Chronic obstructive pulmonary disease (COPD) is a progressive lung disorder characterized by persistent airflow limitation and chronic respiratory symptoms. COPD is the second leading cause of death in India and the third leading cause of death worldwide. Osteoporosis, a significant and often overlooked comorbidity of COPD, presents a major challenge. The disease itself, combined with multiple risk factors, including the use of inhaled corticosteroids-a cornerstone of COPD treatment-contributes to a decline in bone mineral density (BMD). This cross-sectional study investigates the prevalence of osteopenia and osteoporosis among COPD patients at a tertiary care center in South India, with a particular focus on the impact of inhaled and systemic corticosteroids on BMD and other associated risk factors.

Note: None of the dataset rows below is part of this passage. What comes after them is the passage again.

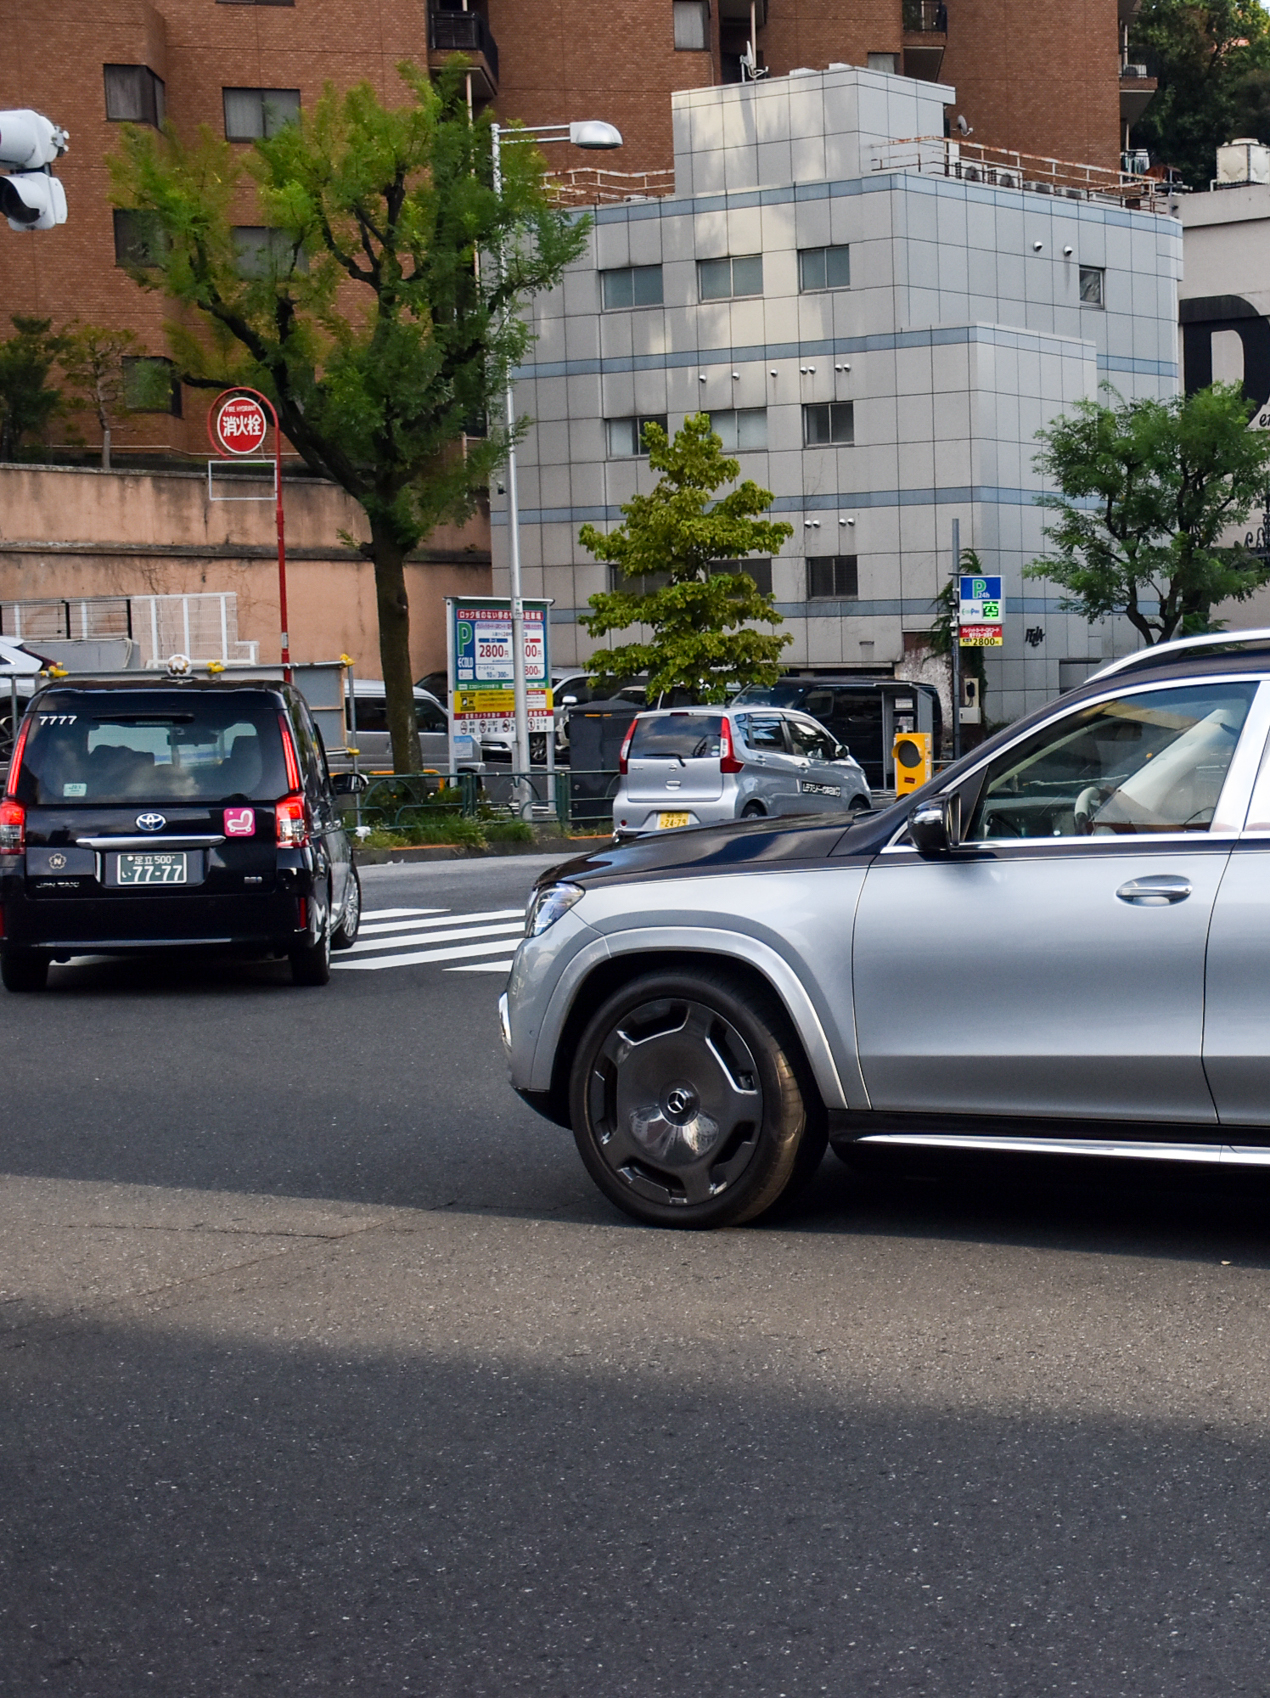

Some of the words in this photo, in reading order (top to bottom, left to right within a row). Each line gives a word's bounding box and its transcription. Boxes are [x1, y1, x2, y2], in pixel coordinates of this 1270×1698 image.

[222, 415, 262, 437] 消火栓
[972, 579, 987, 599] P
[457, 621, 473, 657] P
[39, 715, 78, 726] 7777
[132, 865, 183, 882] 77-77

One hundred COPD patients were assessed for their BMD. Our findings reveal a strikingly high prevalence (88%) of reduced BMD among COPD patients, with 69% diagnosed with osteoporosis and 19% with osteopenia. Most COPD patients are middle-aged smokers and frequently use steroid-containing inhalers, which contribute to decreased BMD and an increased risk of fractures. The study highlights a significant association between osteoporosis and factors such as smoking history, COPD severity (GOLD classification), and cumulative steroid exposure. These results highlight the urgent need for proactive, regular screening and early intervention to assess bone health in COPD care.